Schramm v. Simpson

343 So. 2d 423 | La. Ct. App. | 1977

WATSON, Judge.

This matter was initiated by the filing of a petition for a writ of habeas corpus by plaintiff, Margaret Ann Schramm, against the defendant, James Dawson Simpson, seeking custody of the 13-year-old boy born of their previously existing marriage. The child’s name is William Todd Simpson and he has three older siblings: J. D., age 15; Kerry, age 17; and Jamie, age 20 and a major. All of the minor children were placed in the custody of Mr. Simpson pursuant to a judgment in divorce proceedings between the parties on December 16, 1975.

Following the filing of the petition for writ of habeas corpus, the defendant, Simpson, filed a motion to dismiss which was taken up in limine.

The motion to dismiss was based on the contention that the previous custody award was a “considered decree” and that the habeas corpus proceeding was not the proper vehicle to pursue a change of custody.
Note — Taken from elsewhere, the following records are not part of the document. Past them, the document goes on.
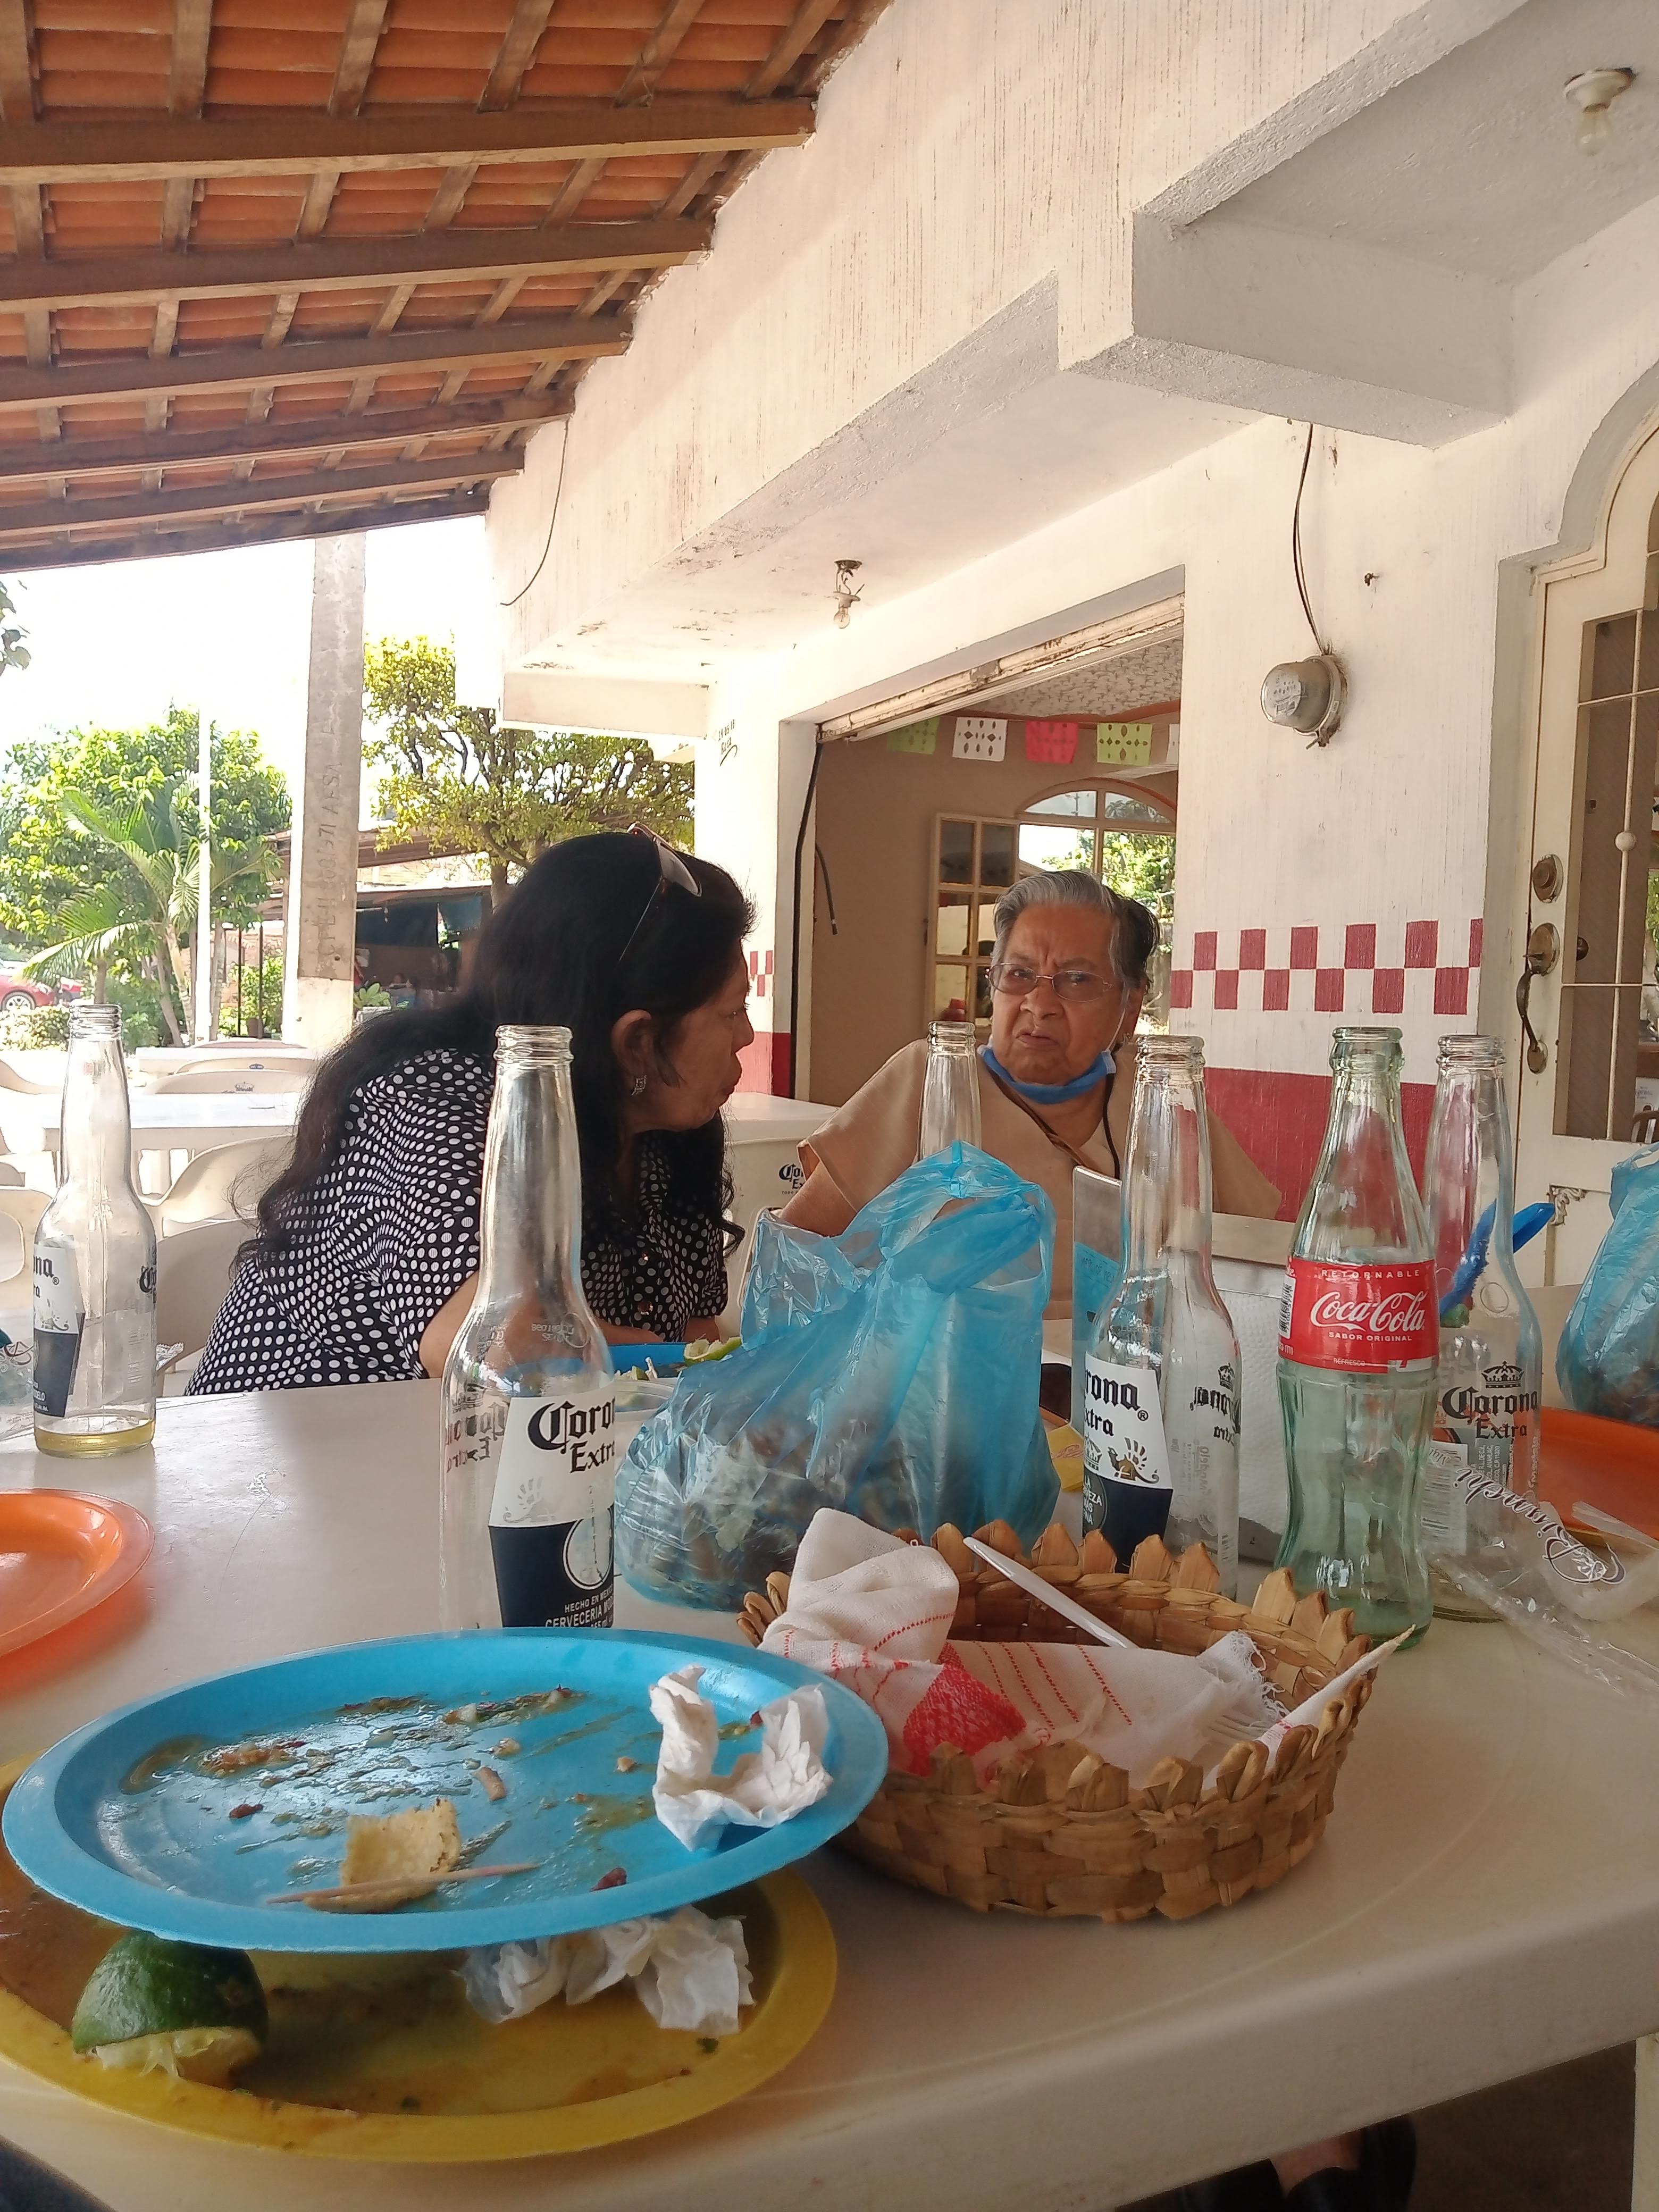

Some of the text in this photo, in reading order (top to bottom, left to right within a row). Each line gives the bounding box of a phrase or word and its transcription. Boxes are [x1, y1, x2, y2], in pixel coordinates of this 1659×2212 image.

[1321, 1269, 1420, 1278] RETORNABLE
[1310, 1291, 1427, 1333] Coca-Cola
[1329, 1331, 1363, 1340] SABOR
[1442, 1386, 1538, 1424] Corona
[1475, 1417, 1528, 1439] Extra
[565, 1598, 590, 1613] HECHO
[591, 1595, 599, 1605] EN
[545, 1605, 602, 1628] CERVECERIA
The trial court denied the motion to dismiss, choosing to consider the petition filed as a petition for a change of custody and not as a petition for writ of habeas corpus.
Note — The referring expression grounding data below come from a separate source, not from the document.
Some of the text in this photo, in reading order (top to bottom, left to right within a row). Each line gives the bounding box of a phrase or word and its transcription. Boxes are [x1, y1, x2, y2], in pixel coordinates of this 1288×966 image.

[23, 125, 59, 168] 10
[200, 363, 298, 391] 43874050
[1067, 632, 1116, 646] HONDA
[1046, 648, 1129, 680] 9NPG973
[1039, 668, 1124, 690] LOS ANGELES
The matter was then heard with both parties producing witnesses in support of their respective contentions. The plaintiff testified that she is now remarried to one Schramm; that she has a good home; that *424the grades of the child (who is referred to in the proceedings as “Todd”) have dropped; that he is left alone or in the custody of the 17-year-old; and that Todd has requested that he come and live with her. Her present husband, Marlin L. Schramm, testified that he is a retired chief master sergeant of the Air Force and that he is now working as service manager of K-Mart; that he is also divorced from his former wife, but that he would like for the child to come and live with him and the present Mrs. Schramm.
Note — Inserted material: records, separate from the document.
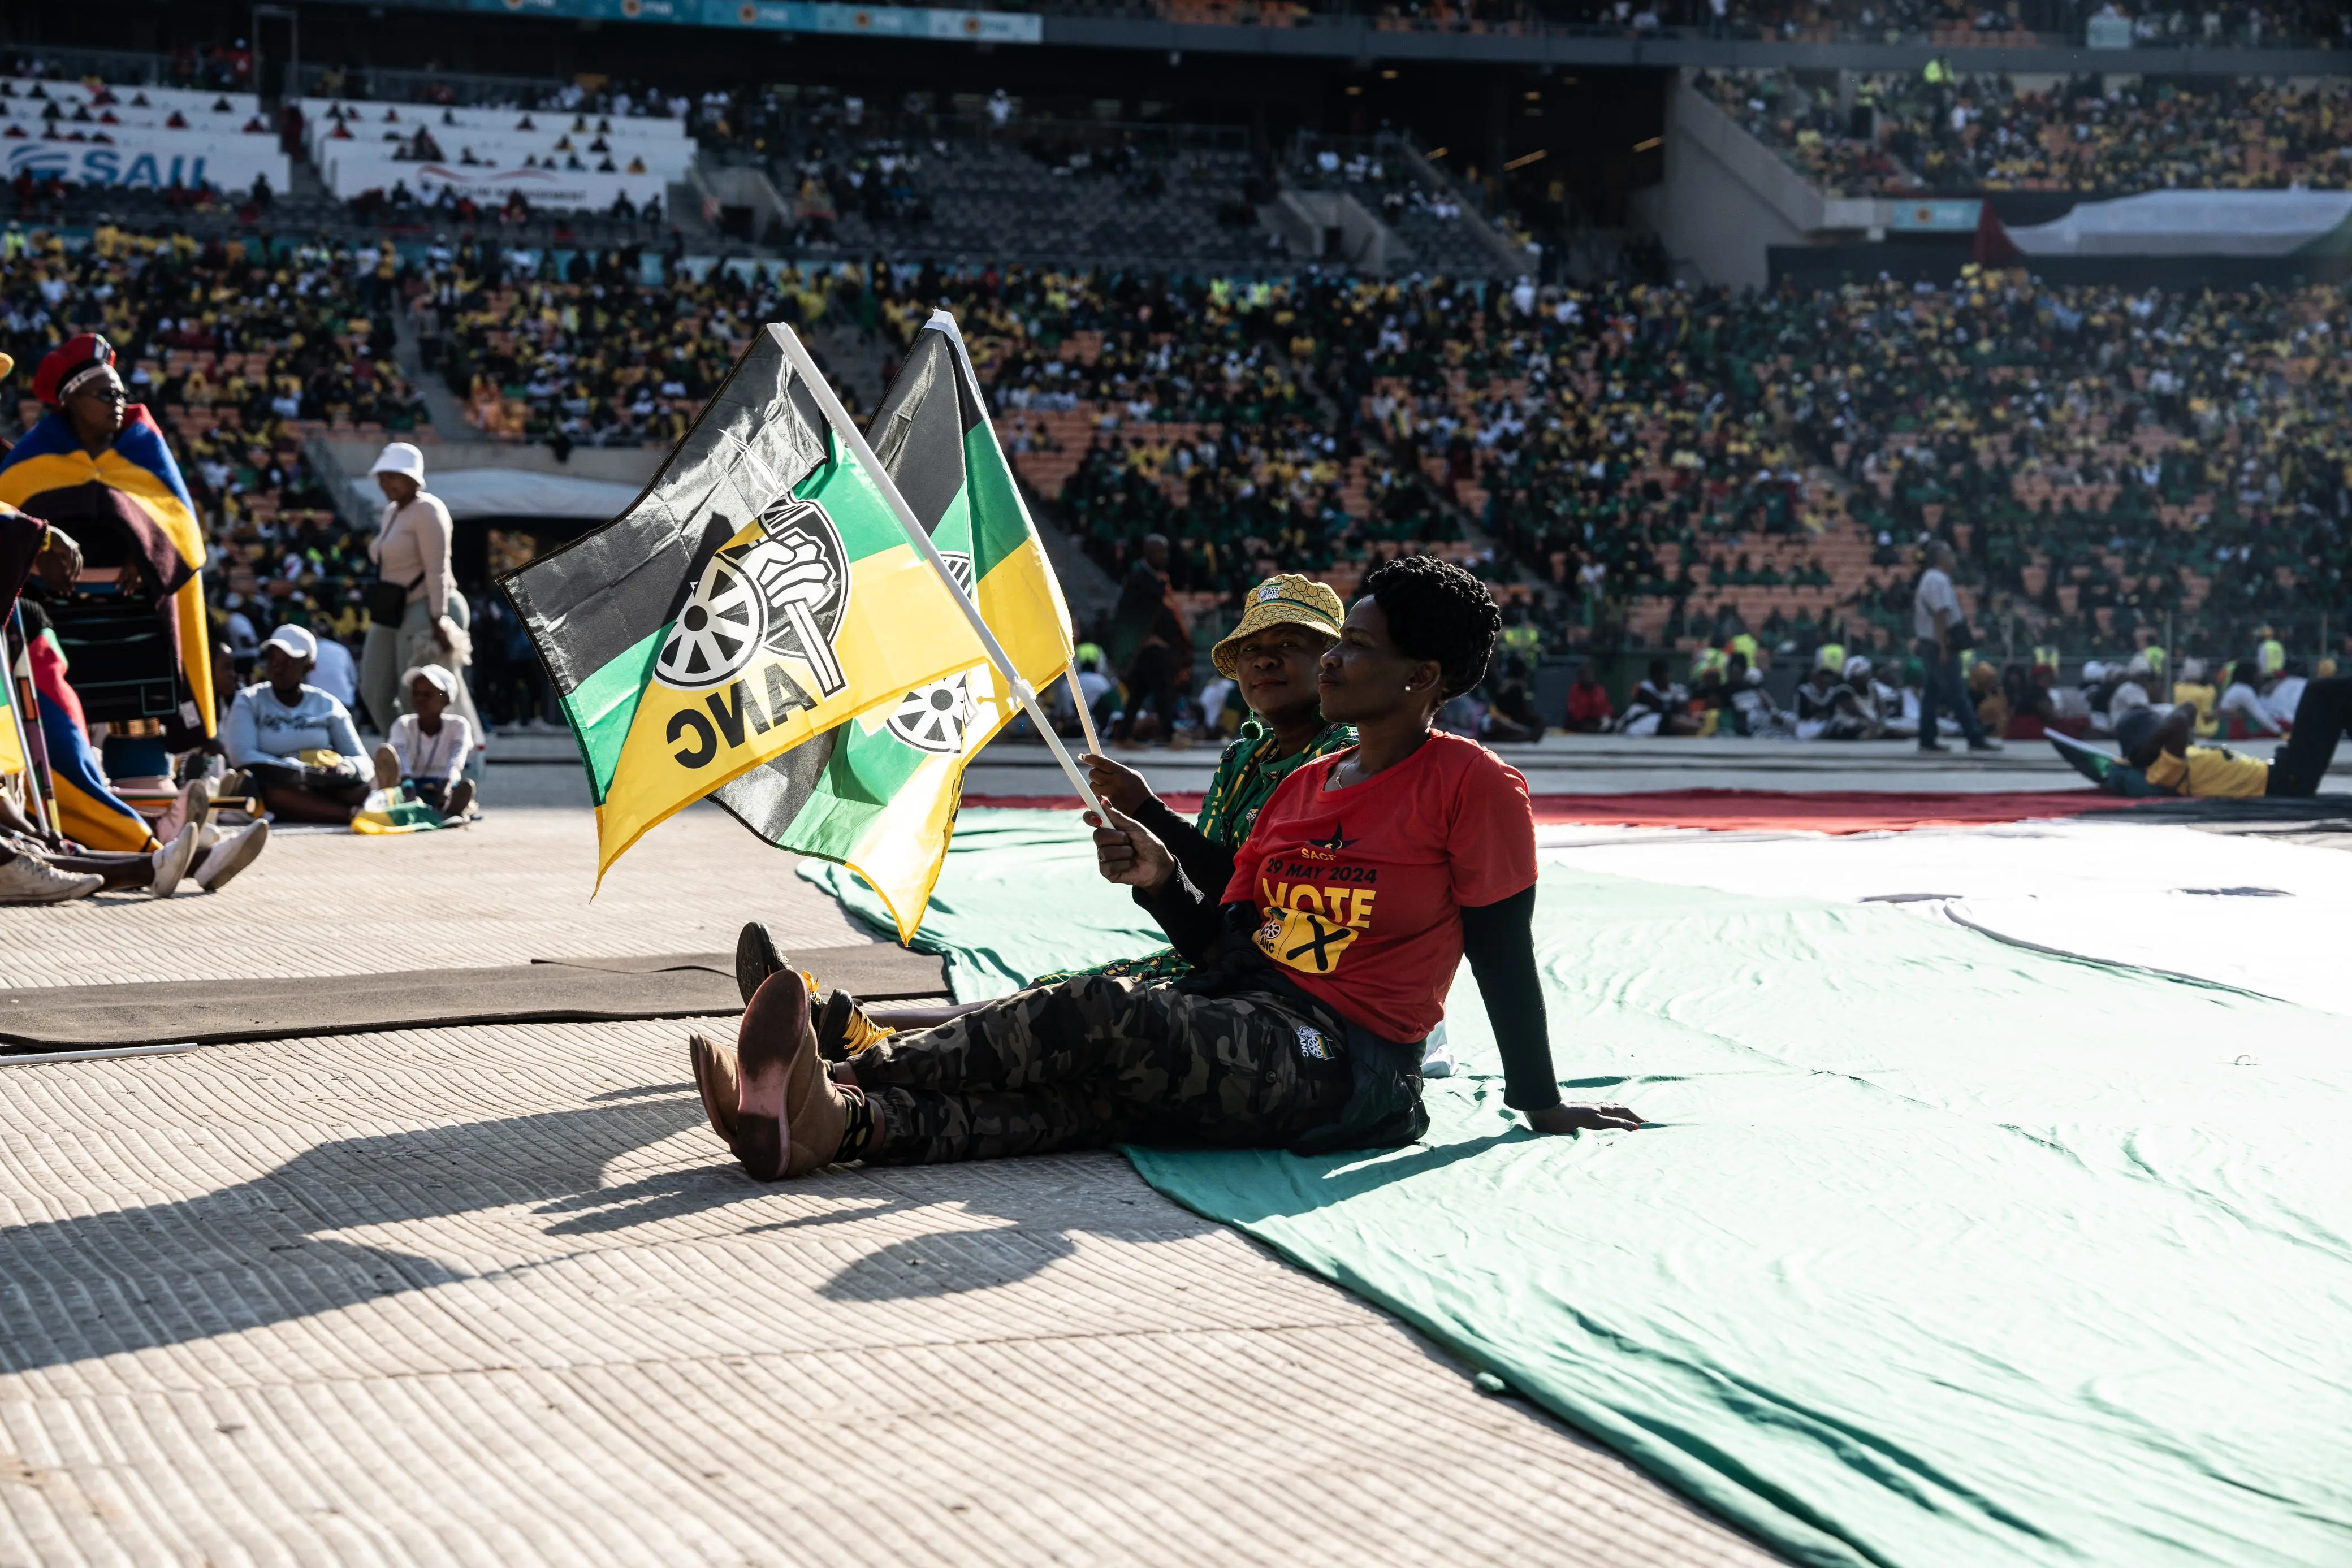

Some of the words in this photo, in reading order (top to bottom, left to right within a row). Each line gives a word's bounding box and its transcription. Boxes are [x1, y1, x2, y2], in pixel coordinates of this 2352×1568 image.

[80, 149, 222, 191] SAIL
[1302, 848, 1337, 860] SACP
[1266, 857, 1283, 874] 29
[1286, 863, 1323, 880] MAY
[1329, 867, 1377, 883] 2024
[1263, 878, 1376, 929] VOTE
[1260, 936, 1275, 954] ANC
[1300, 1037, 1309, 1057] ANC
The plaintiff’s minister, Rev. Roy Re-mont, testified that the Schramms have a good home.

The child, William Todd Simpson, testified quite candidly that he would prefer to live with his mother; that he has been unhappy since the divorce proceedings; and that he has not been able to visit with his mother as often as he would like. He testified that the idea of changing his custody originated with him and not with his mother.

The defendant, James Dawson Simpson, testified that he works for Texas Gas Company as district manager, that he has been very active in the various parents’ organizations of the school which his children attend; that he is a member of a Baptist Church in Pineville, and that he, Todd and the other brother, J. D., have been very active in summer baseball programs. He testified that he wanted Todd to remain in his custody and that he was doing his best to make a good home.

J. D. Simpson, Jr., the older brother, testified that his father was seldom away from home unless he and Todd were along at baseball games. J. D. suggested that his mother had on one occasion beaten Todd severely because of poor grades. Jamie Simpson, the oldest sister who now attends LSU, testified that in her opinion her father was making a good home for the children and that he was doing the best he could under the circumstances.

The trial court denied the petition, holding that the only evidence in favor of the change of custody was the desire of Todd himself. Nothing in his present situation was found to be injurious to the youth’s welfare, and the court said his best interests would be served by keeping him with his brother and sister in the custody of Mr. Simpson. The trial court expressed reluctance to remove the child from his present school and his association with his acquaintances of several years and held, in effect, that plaintiff had failed to prove the welfare of the child would be best served by a change of custody.

On appeal, the issue is whether the trial court abused its discretion in denying the change of custody.

The record supports the observation of the trial court that the only factor in favor of changing the custody is the expressed desire of the youth. In Louisiana, the wishes of the child are not controlling as to custody or visitation rights but may be considered as a factor along with all other circumstances. Holley v. Holley, 158 So.2d 620 (La.App. 3 Cir. 1963).

It is better to keep siblings together than to split them between parents. Tiffee v. Tiffee, 254 La. 381, 223 So.2d 840 (1969).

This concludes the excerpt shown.